When I started this project I had 2 goals in mind; Fantastic Sound Quality & Stealth. My front state is CDT Audio ES 620's powered by an Audison VR 206 amp. For bass I have an Image DynamicsIDQ 10 in a fiberglass enclosure behind the rear panel powered by an Audison VR 209 400 watts mono. The head unit is an Alpine 9887 and a 160 Gig iPod (154 Gigs of music on it).

From the battery I ran 0/1 gauge to a distribution block under the center consol then 4 gauge to both amps. All wire I purchased from KnuKonceptz. I completely sound deadened the entire floor of the vehicle, behind both rear panels and almost anywhere else I could reach my hands. All sound deadening by Raamat approximately 200 square feet total!

*Start of Project*









*Jack Bolts Removed*









*Sound Deadening Behind Enclosure*









*Fiberglass Enclosure with Image Dynamics IDQ 10*









*Start of Door Panels*









*Door Sound Deadened (Inside of Outer Shell, both inside and outside of Inner Shell)*









*Ensolite over Raamat*









*Raammat added to door panel (more for weight than noise)*









*Distribution block in center consol (0/1 gauge from battery to distribution block)*









*Tweeter in stock location only minor modification needed*


----------



## lovenlife (Feb 3, 2008)

*Audison VR 209 under bucket seat*









*Audison VR 206 under bucket seat*









*Alpine 9887 HU with full speed Ipod control and bluetooth interface & Ipod 160 Gig Classic*









*Finished Tweeter*









*Finished Mid bass*









*Finished Sub*









These links helped me complete this project. Thanks a lot to everyone who contributed to them:
Factory Radio Removal
Door Panel Removal
Remove Bose Amp
How to run wires into doors
Where to run power wire through firewal


----------



## lovenlife (Feb 3, 2008)

This was my last install, I am now working on my 2001 Honda Accord and putting my Suburban up for Sale. Can't afford to keep putting 5-600 a month in fuel in it.


----------



## thebigjimsho (Jan 11, 2009)

**sigh**

I miss my '01 Accord and its custom install...**sniff**


----------



## Guy (Feb 16, 2006)

I have an'04 Suburban that I am going to start in on soon. I'm interested in more info on the fiberglass sub enclosure. Is it a full box, or is the front panel glassed directly to the sheet metal?


----------



## mmiller (Mar 7, 2008)

nice and stealthy... I like it!


----------



## NickoDaFsh (Mar 1, 2009)

looks good! did the idq10 deliver in that big ol' truck? I had a idq12 in mine back in the day and it just didnt seem like it did...although it was a little under powered with an xtant 121m.........


----------



## designer485 (Sep 19, 2006)

Nice work, i like how you kept the stock sub location to keep things stealth. Keep it up!


----------



## lovenlife (Feb 3, 2008)

NickoDaFsh said:


> looks good! did the idq10 deliver in that big ol' truck? I had a idq12 in mine back in the day and it just didnt seem like it did...although it was a little under powered with an xtant 121m.........
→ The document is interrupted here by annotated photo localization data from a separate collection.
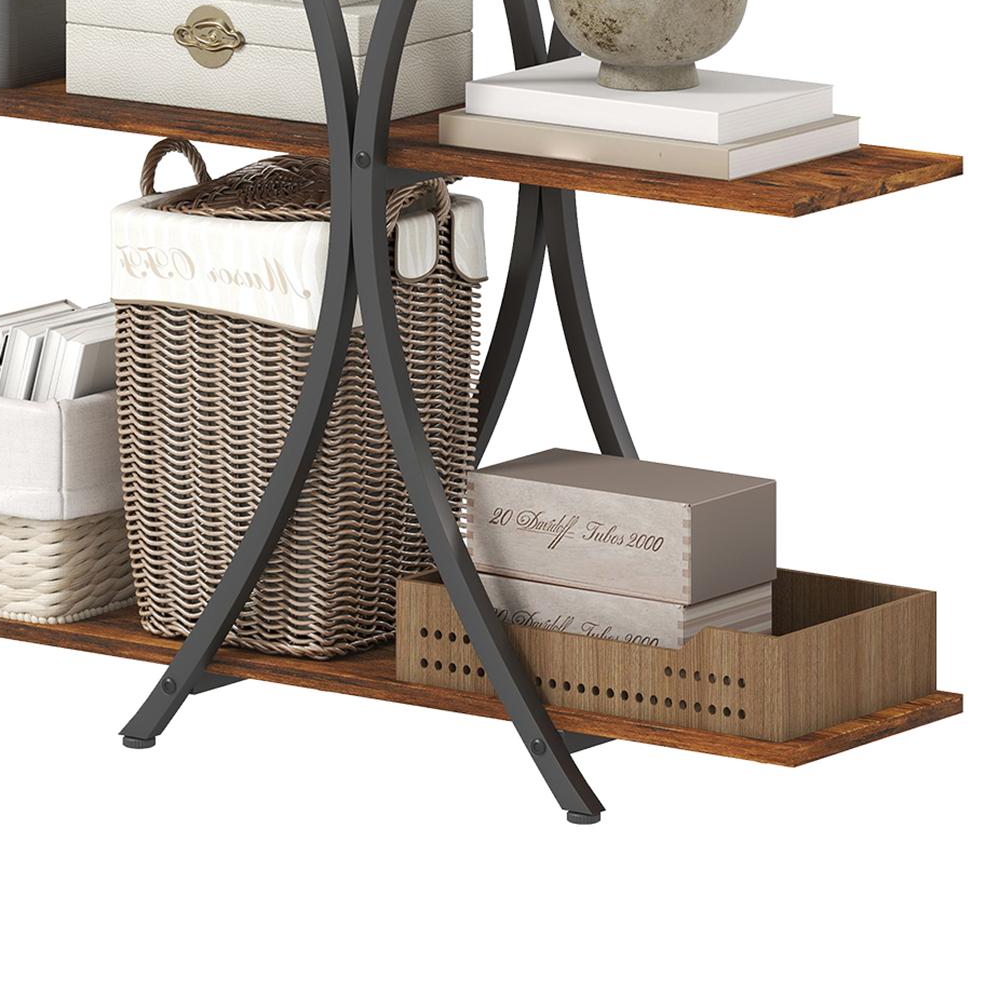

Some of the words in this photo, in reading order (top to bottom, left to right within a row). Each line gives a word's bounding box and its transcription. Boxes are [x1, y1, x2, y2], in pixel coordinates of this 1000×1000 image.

[489, 507, 514, 526] 20
[516, 510, 580, 550] Davidoff
[582, 520, 624, 546] Tubos
[625, 532, 665, 552] 2000
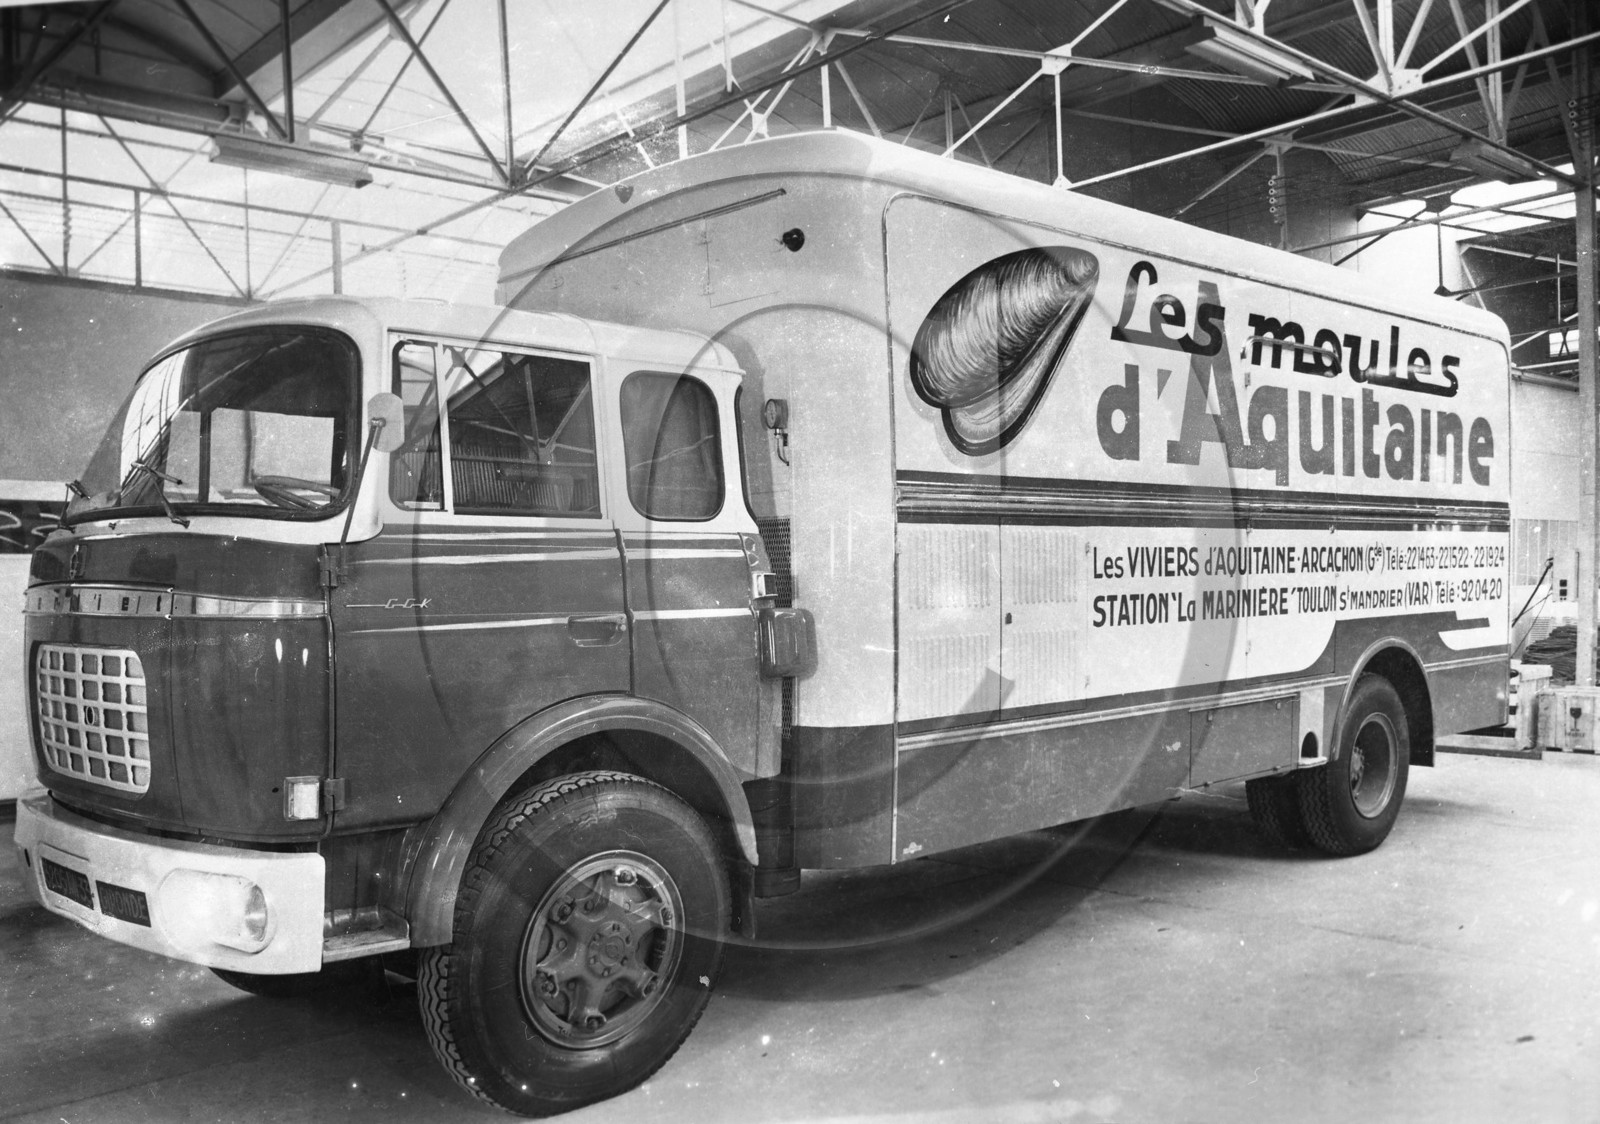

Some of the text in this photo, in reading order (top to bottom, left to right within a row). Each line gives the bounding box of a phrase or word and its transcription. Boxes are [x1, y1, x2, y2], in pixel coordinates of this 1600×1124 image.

[1111, 260, 1460, 398] Les moules
[1093, 546, 1124, 579] Les
[1127, 546, 1199, 578] VIVIERS
[1093, 593, 1168, 628] STATION
[1297, 586, 1337, 613] TOULON
[1404, 579, 1433, 611] (VAR)
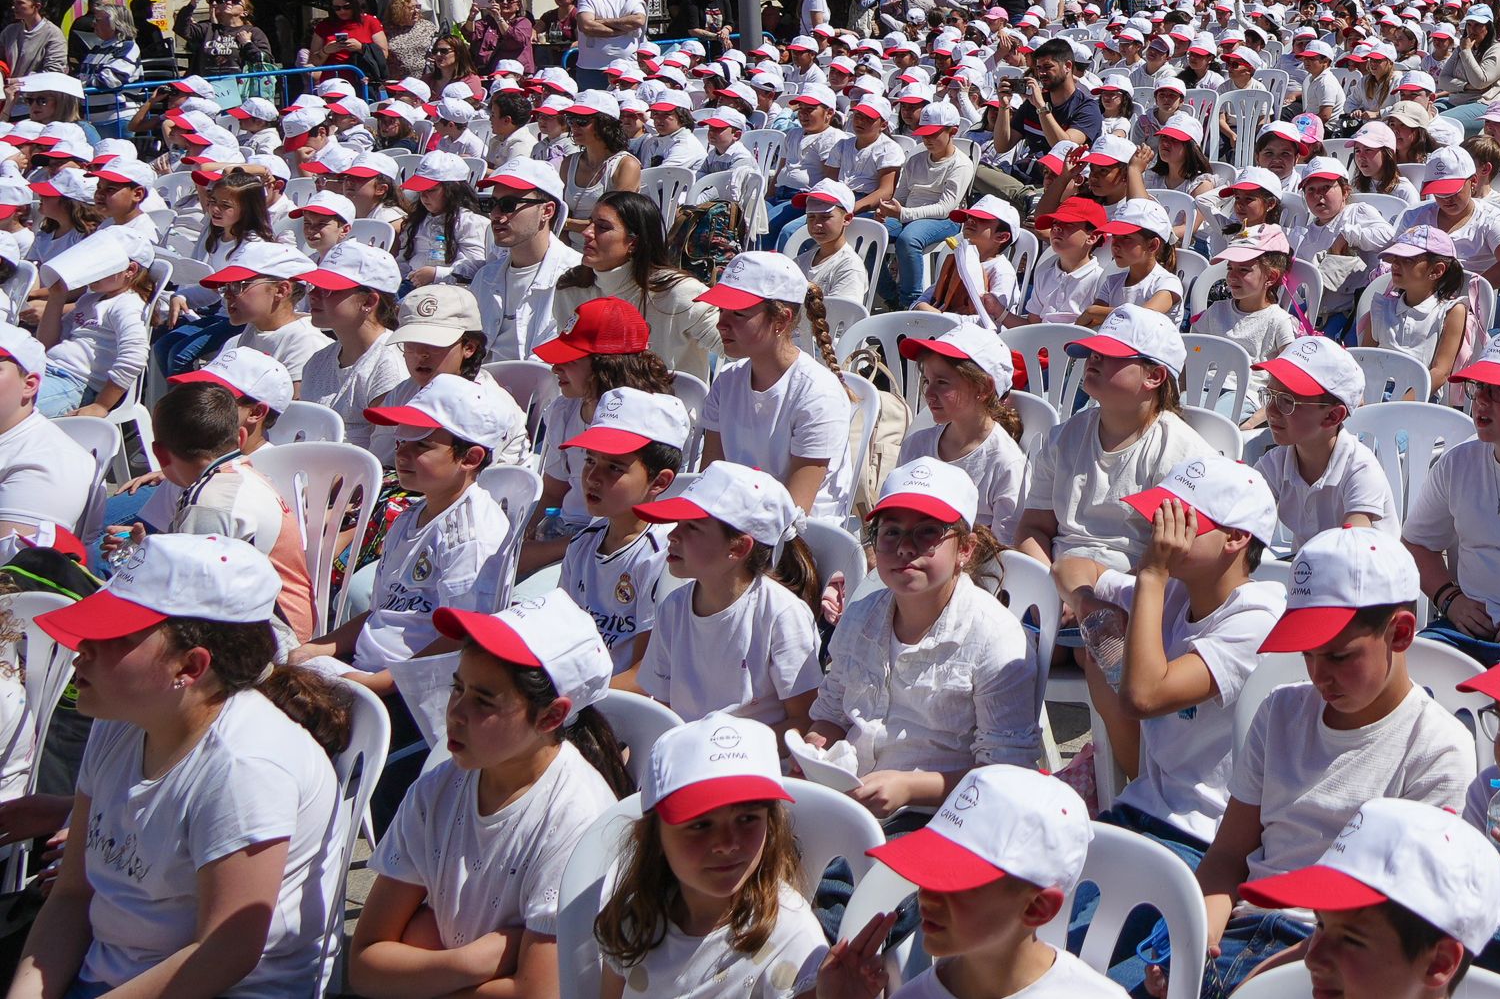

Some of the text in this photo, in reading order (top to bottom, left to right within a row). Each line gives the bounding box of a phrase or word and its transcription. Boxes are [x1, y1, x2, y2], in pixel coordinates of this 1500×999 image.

I ended up using a PPI A600 on the IDQ 10 and was very happy with the overall results.


----------



## lovenlife (Feb 3, 2008)

designer485 said:


> Nice work, i like how you kept the stock sub location to keep things stealth. Keep it up!


Thanks for the comment, I just sold the Burb and soon will be posting my new project!!


----------